TASK GOAL:
In the entries below, the word "University" appears on some lines. Copy each of those lines.

(Phrase grounding data)
┌──

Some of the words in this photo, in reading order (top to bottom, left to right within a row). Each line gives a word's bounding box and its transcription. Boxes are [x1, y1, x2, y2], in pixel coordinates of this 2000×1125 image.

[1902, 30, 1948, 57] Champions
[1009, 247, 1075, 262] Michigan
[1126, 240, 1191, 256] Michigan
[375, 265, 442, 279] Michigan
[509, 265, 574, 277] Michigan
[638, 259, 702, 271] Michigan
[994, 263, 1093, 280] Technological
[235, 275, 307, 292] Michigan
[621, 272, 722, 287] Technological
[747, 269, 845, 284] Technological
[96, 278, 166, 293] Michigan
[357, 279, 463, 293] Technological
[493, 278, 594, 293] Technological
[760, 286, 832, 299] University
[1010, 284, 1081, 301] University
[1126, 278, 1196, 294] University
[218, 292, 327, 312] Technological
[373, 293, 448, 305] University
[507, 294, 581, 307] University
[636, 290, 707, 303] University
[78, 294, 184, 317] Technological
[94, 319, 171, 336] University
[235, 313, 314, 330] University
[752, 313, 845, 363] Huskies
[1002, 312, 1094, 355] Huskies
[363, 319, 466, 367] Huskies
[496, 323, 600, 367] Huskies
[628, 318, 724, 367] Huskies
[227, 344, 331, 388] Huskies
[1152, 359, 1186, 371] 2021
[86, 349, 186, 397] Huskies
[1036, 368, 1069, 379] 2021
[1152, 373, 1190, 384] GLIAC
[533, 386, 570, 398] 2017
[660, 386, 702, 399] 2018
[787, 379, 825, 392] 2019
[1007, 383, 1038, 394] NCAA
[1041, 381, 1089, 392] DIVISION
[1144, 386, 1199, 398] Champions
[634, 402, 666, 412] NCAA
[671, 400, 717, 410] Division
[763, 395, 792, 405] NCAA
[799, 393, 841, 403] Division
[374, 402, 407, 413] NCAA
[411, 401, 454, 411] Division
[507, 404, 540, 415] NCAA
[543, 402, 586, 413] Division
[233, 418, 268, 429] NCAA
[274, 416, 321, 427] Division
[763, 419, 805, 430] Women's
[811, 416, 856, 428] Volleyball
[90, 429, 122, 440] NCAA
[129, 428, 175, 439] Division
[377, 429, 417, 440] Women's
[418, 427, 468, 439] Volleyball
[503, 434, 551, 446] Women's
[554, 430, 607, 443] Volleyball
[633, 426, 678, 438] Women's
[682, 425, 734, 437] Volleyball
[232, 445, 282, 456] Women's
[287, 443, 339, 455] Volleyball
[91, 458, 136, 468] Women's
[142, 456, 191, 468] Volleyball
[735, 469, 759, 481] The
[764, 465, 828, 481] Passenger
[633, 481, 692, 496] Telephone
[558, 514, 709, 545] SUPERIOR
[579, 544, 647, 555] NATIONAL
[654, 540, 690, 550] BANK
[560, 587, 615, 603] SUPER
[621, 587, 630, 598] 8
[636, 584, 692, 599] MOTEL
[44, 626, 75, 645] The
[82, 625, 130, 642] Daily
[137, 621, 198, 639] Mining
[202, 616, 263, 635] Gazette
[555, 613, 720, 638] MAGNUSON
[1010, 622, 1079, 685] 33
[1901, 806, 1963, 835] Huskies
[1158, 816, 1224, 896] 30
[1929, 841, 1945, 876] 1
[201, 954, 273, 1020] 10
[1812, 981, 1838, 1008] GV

└──

ANSWER:
[760, 286, 832, 299] University
[1010, 284, 1081, 301] University
[1126, 278, 1196, 294] University
[373, 293, 448, 305] University
[507, 294, 581, 307] University
[636, 290, 707, 303] University
[94, 319, 171, 336] University
[235, 313, 314, 330] University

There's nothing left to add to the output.